In this paper we present oral narratives focusing on schooling experiences of Canadians who lived with polio as children between 1940 and 1959. We argue that disabled students with polio received an education about the differences ascribed to them by individuals in authority (teachers, principals), by other young people, and through the dominant negative discourses of polio and normalizing, ableist practices of schooling. Using narrative accounts from participants’ interviews, we analyze their school experiences of difference: inaccessible physical and temporal spaces, bullying at school, exclusion from classes, and negotiating youth culture related to shoes, clothes and friendships.
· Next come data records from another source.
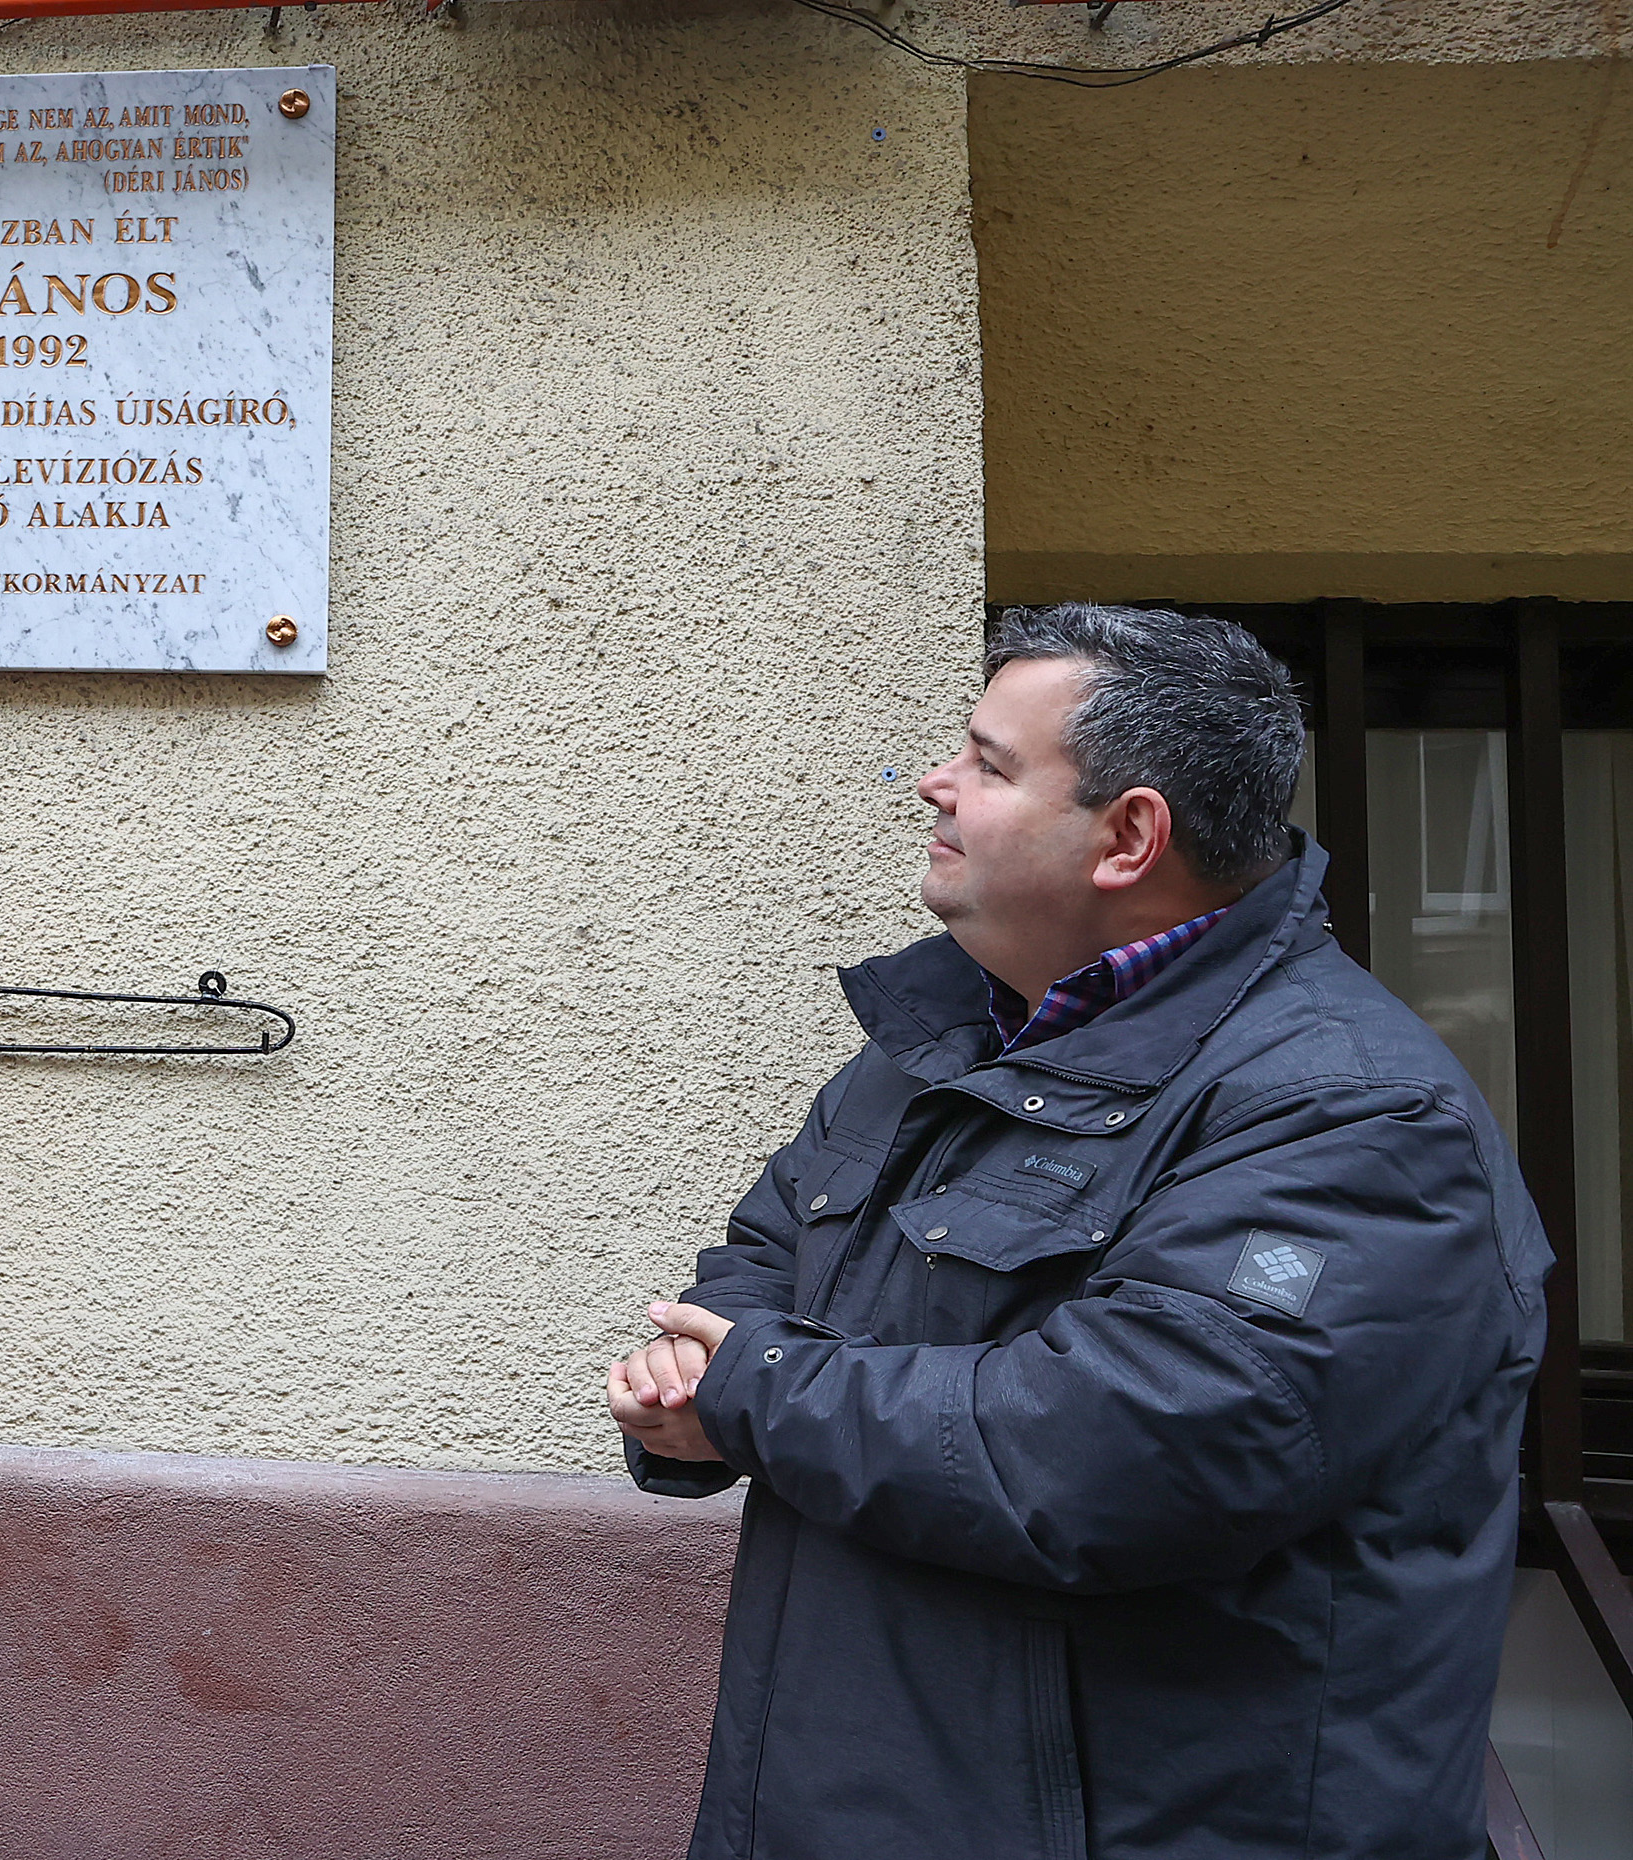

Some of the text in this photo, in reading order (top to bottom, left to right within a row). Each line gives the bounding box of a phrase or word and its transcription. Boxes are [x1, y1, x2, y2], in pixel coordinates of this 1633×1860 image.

[29, 107, 74, 130] NEM
[83, 106, 115, 131] AZ,
[119, 105, 174, 128] AMIT
[183, 103, 250, 129] MOND,
[14, 140, 48, 166] AZ,
[55, 137, 164, 162] AHOGYAN
[173, 130, 250, 159] ÉRTIK"
[104, 163, 250, 195] (DÉRI JÁNOS)
[114, 209, 179, 244] ÉLT
[116, 389, 297, 431] ÚJSÁGÍRÓ,
[26, 501, 171, 529] ALAKJA
[1034, 1157, 1083, 1181] Columbia
[1243, 1276, 1297, 1302] Columbia
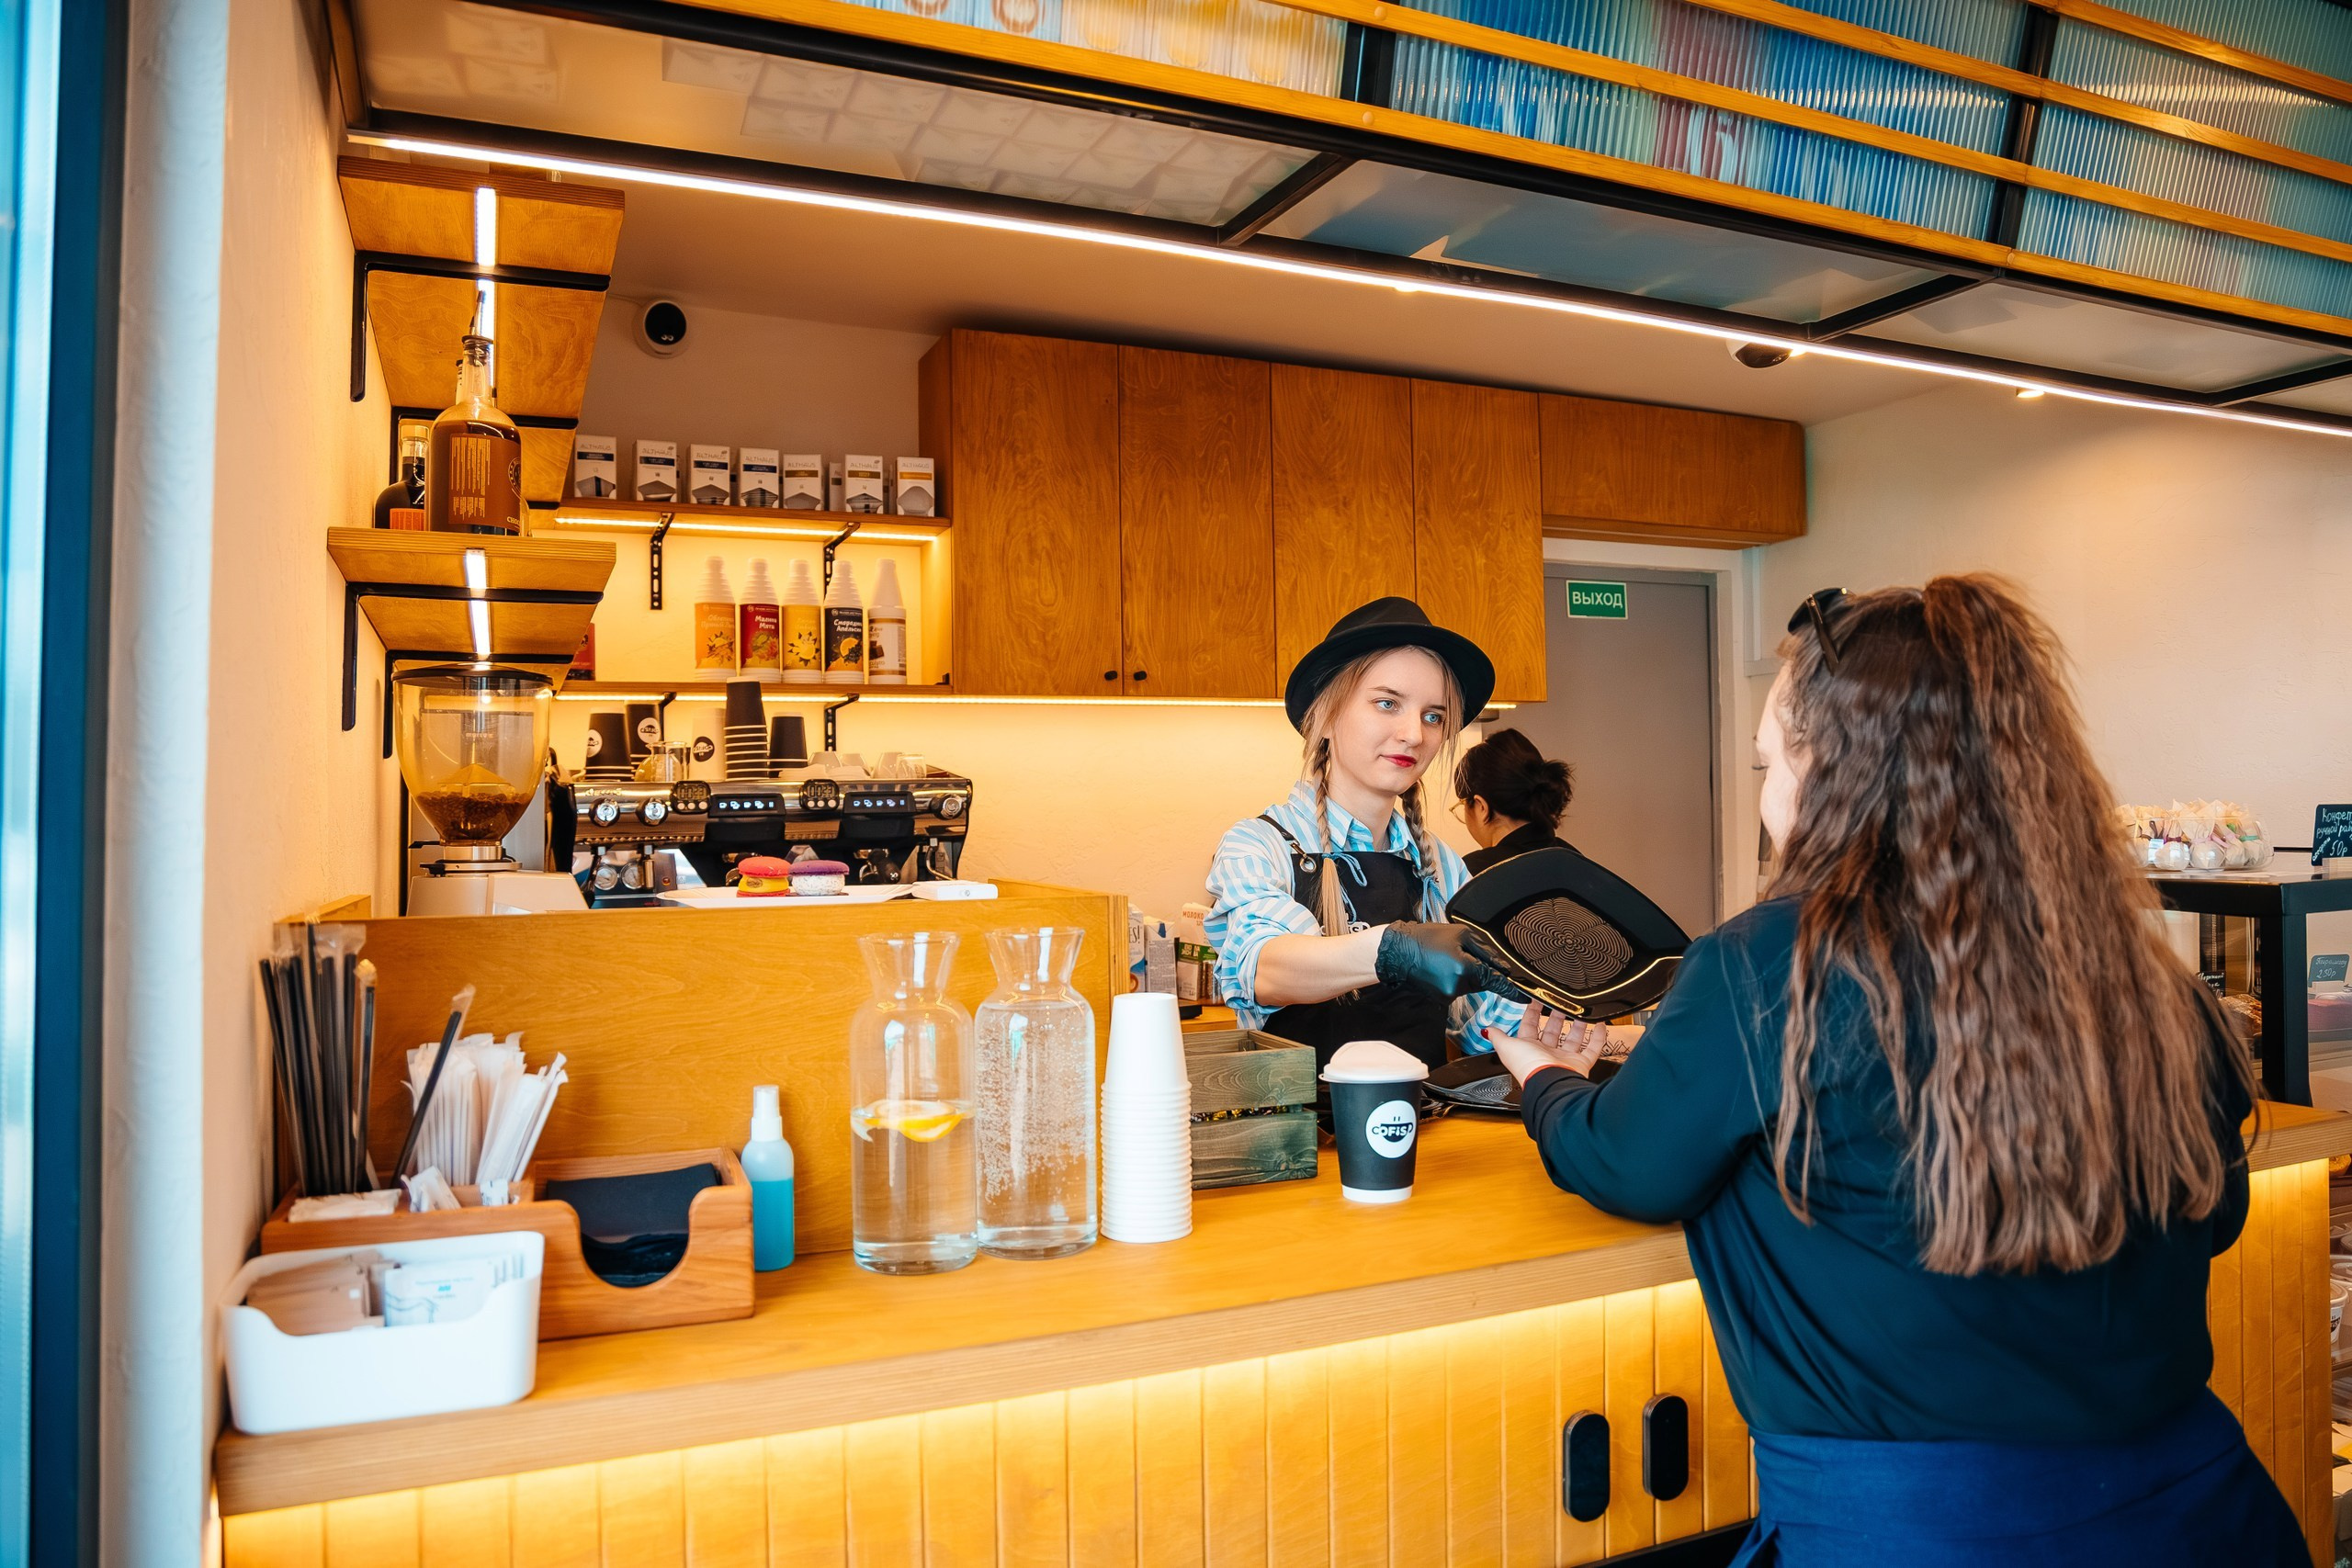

However, participants were not passive and they discussed how, along with families, they negotiated and occasionally defied normalizing processes. This research gives voice to a generation of disabled English-speaking Canadians, whose stories about school have not been heard before.

Publication Type: Article
Additional Information: This is an Accepted Manuscript of an article published by Taylor & Francis in Disability & Society on 04 Sep 2013, available online: http://www.tandfonline.com/10.1080/09687599.2013.823080.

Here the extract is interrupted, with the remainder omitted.